Ashby v White (1703) 92 ER 126, is a foundational case in UK constitutional law and English tort law. It concerns the right to vote and misfeasance of a public officer.

Mr Ashby was prevented from voting at an election by the misfeasance of a constable, Mr White, on the apparent pretext that he was not a settled inhabitant.

At the time, the case attracted considerable national interest, and debates in Parliament. It was later known as the Aylesbury election case. In the House of Lords, it attracted the interest of Peter King, 1st Baron King who spoke and maintained the right of electors to have a remedy at common law for denial of their votes, against Tory insistence on the privileges of the House of Commons.

Sir Thomas Powys defended William White in the House of Lords. The argument submitted was that the Commons alone had the power to determine election cases, not the courts.

Lord Holt CJ was dissenting from the judgment in the Court of King's Bench, but his dissent was upheld by the House of Lords by a vote of fifty to sixteen. His judgment reads as follows.

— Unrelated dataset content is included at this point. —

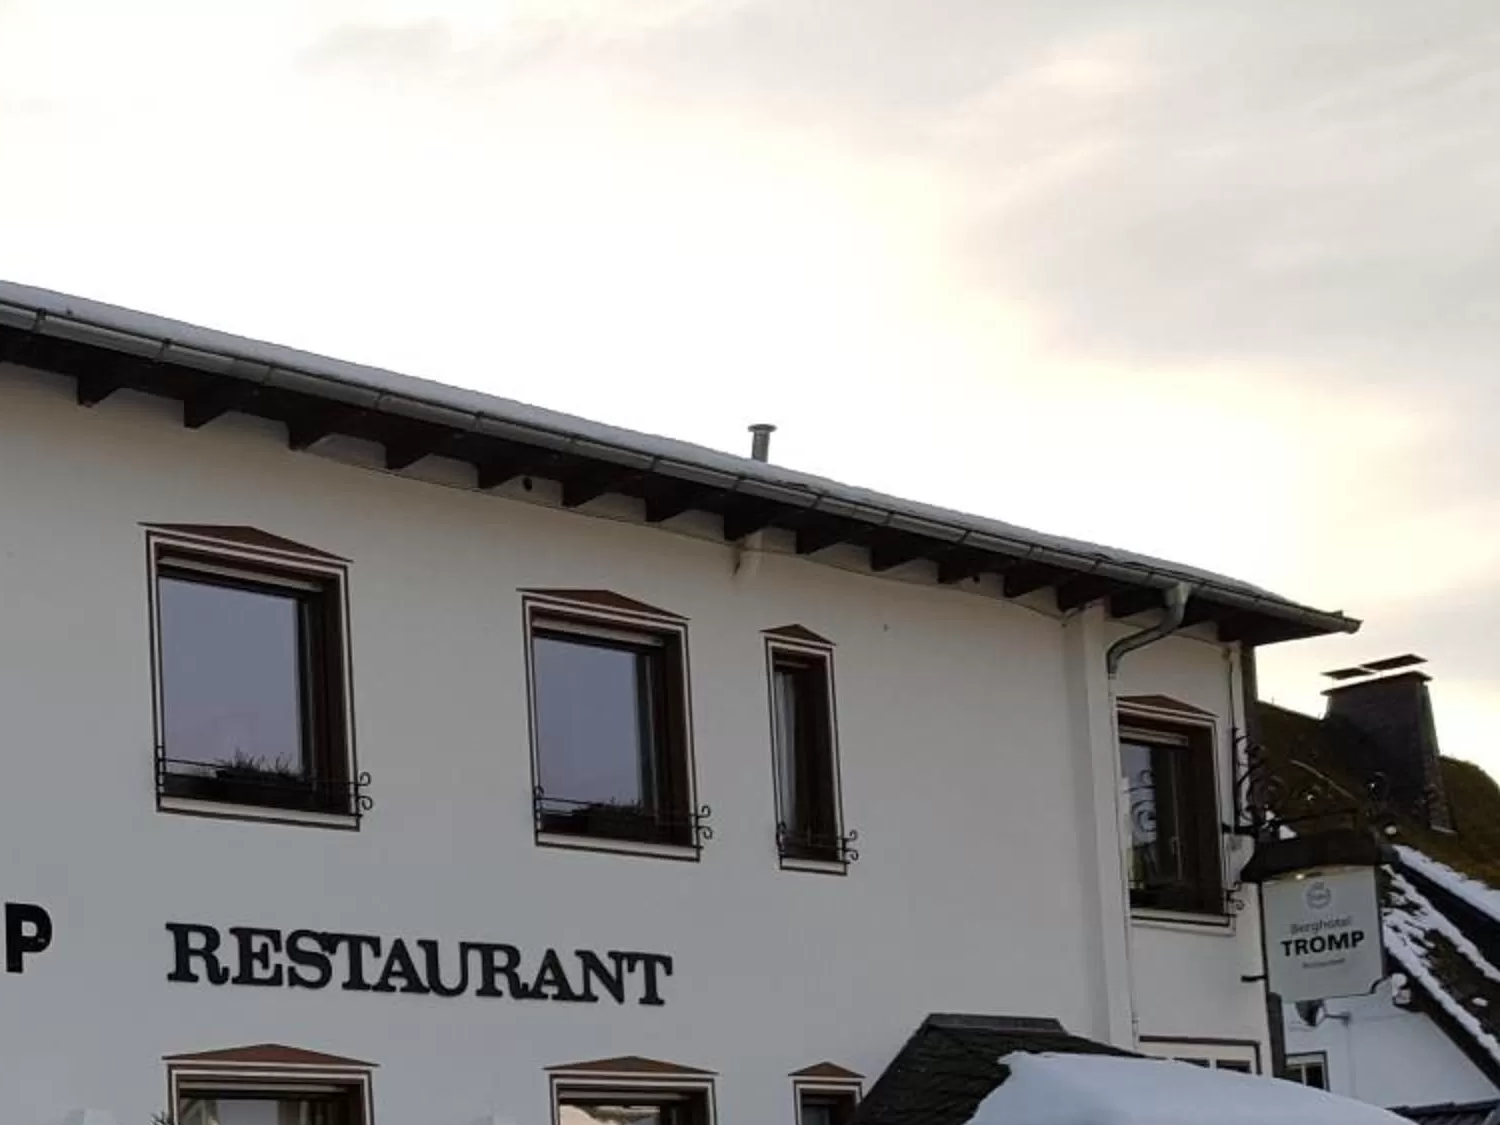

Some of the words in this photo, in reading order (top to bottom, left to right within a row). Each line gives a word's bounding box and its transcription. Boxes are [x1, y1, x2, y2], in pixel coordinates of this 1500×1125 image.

So in the case of Mellor v Spateman, 1 Saund. 343, where the Corporation of Derby claim common by prescription, and though the inheritance of the common be in the body politic, yet the particular members enjoy the fruit and benefit of it, and put in their own cattle to feed on the common, and not the cattle belonging to the corporation; but that is not indeed our case. But from hence it appears that every man, that is to give his vote on the election of members to serve in Parliament, has a several and particular right in his private capacity, as a citizen or burgess. And surely it cannot be said, that this is so inconsiderable a right, as to apply that maxim to it, de minimis non curat lex. A right that a man has to give his vote at the election of a person to represent him in Parliament, there to concur to the making of laws, which are to bind his liberty and property, is a most transcendent thing, and of an high nature, and the law takes notice of it as such in divers statutes: as in the statute of 34 & 35 H. 8, c. 13, intitled An Act for Making of Knights and Burgesses within the County and City of Chester; where in the preamble it is said, that whereas the said County Palatine of Chester is and hath been always hitherto exempt, excluded, and separated out, and from the King's Court, by reason whereof the said inhabitants have hitherto sustained manifold disherisons, losses, and damages, as well in their lands, goods, and bodies, as in the good, civil, and politic governance, and maintenance of the commonwealth of their said county, &c. So that the opinion of the Parliament is, that the want of this privilege occasions great loss and damage. And the same farther appears from the 25 Car. 2, c. 9, an Act to enable the County Palatine of Durham to send knights and burgesses to serve in Parliament, which recites, whereas the inhabitants of the County Palatine of Durham have not hitherto had the liberty and privilege of electing and sending any knights and burgesses to the High Court of Parliament, &c. The right of voting at the election of burgesses is a thing of the highest importance, and so great a privilege, that it is a great injury to deprive the plaintiff of it. These reasons have satisfied me as to the first point.